La France propose un pacte dans l’avenir, un pacte de confiance entre l’État et les partenaires calédoniens pour faire en sorte que les enjeux électoraux de 2017 cèdent le pas à l’intérêt général. L’Etat assumera pleinement son rôle de facilitateur et continuera à accompagner la Nouvelle-Calédonie. La consultation sur l’accession à la pleine souveraineté, par sa nature même, ne construira pas un consensus miraculeux entre les différentes parties encore très divisées.

Il est indispensable de ne pas se limiter à cet horizon qu’est novembre 2018. C’est pourquoi le dernier comité des signataires a souhaité que puissent être identifiés les points de convergence et de divergence entre les projets politiques des uns et des autres, indépendantistes et anti-indépendantistes. Il ne s’agit pas, à ce stade, de négociations mais bien de discussions politiques. 
 
L’avenir de la Nouvelle-Calédonie passe par la production du nickel et la diversification de l’économie

L’effondrement des cours du nickel et le caractère trop lent et trop timide du léger rebond récemment observé placent l’économie du territoire dans une grande fragilité. C’est pourquoi l’État a fait une proposition très concrète à la STCPI (actionnaire d’Eramet), sous forme de prêt pour couvrir les besoins de financement jusqu’en 2018 et passer la crise. Cette intervention pourrait aller jusqu’à 200 millions d’euros.
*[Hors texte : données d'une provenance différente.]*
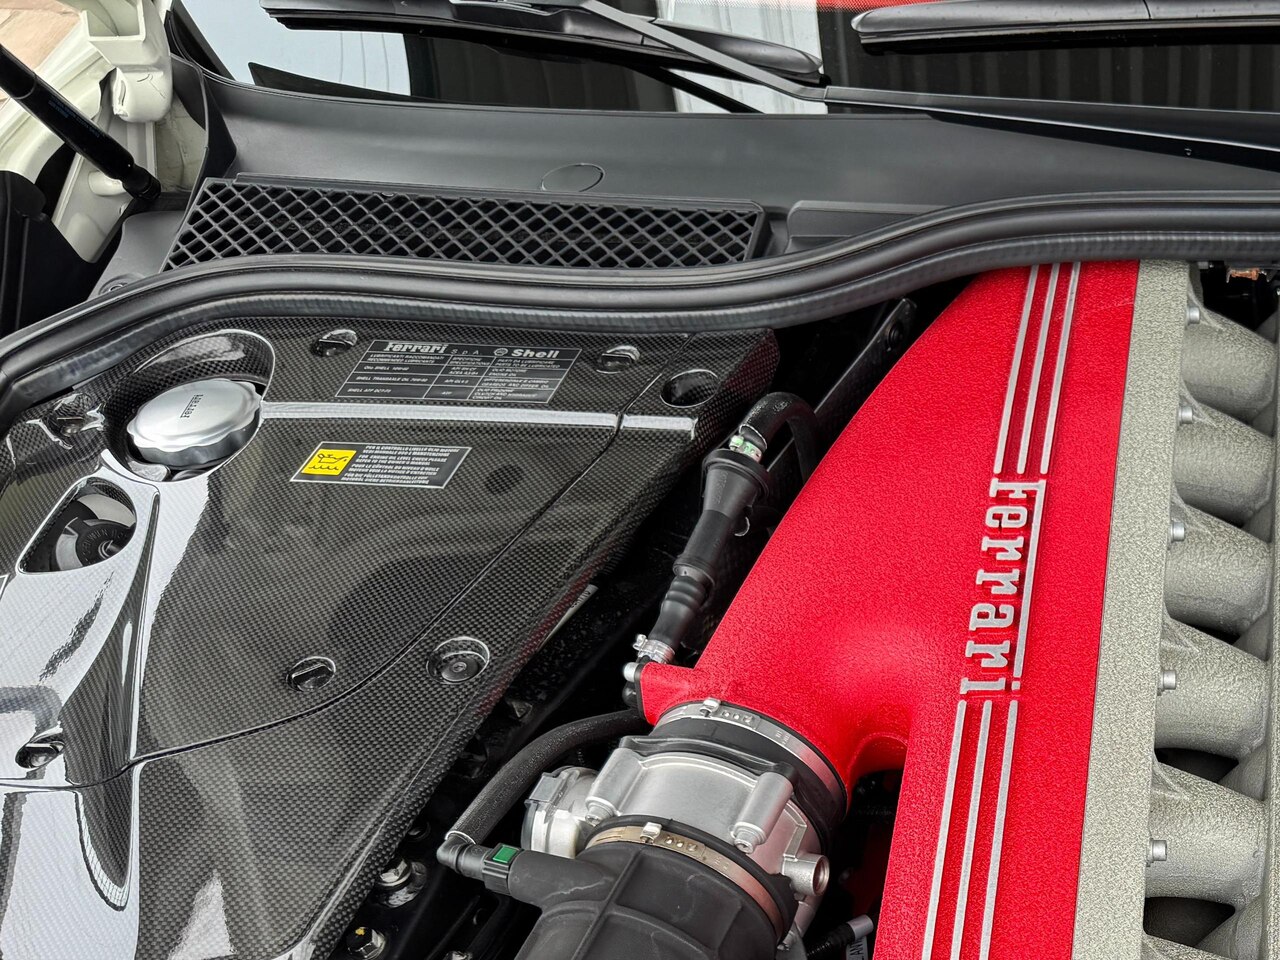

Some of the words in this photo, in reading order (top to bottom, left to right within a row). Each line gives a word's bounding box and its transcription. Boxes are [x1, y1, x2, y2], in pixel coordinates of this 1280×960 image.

Mais préparer l’avenir, c’est aussi diversifier l’économie du territoire. Il faut déployer une réflexion géopolitique des intérêts conjoints. Les échanges calédoniens avec des pays comme l’Australie, l’Indonésie, la Chine, le Japon, la Corée, la Nouvelle-Guinée ou encore la Nouvelle-Zélande gagneraient à se développer. Le Gouvernement est prêt à mettre à contribution son réseau diplomatique et à y faire une place à des représentants calédoniens.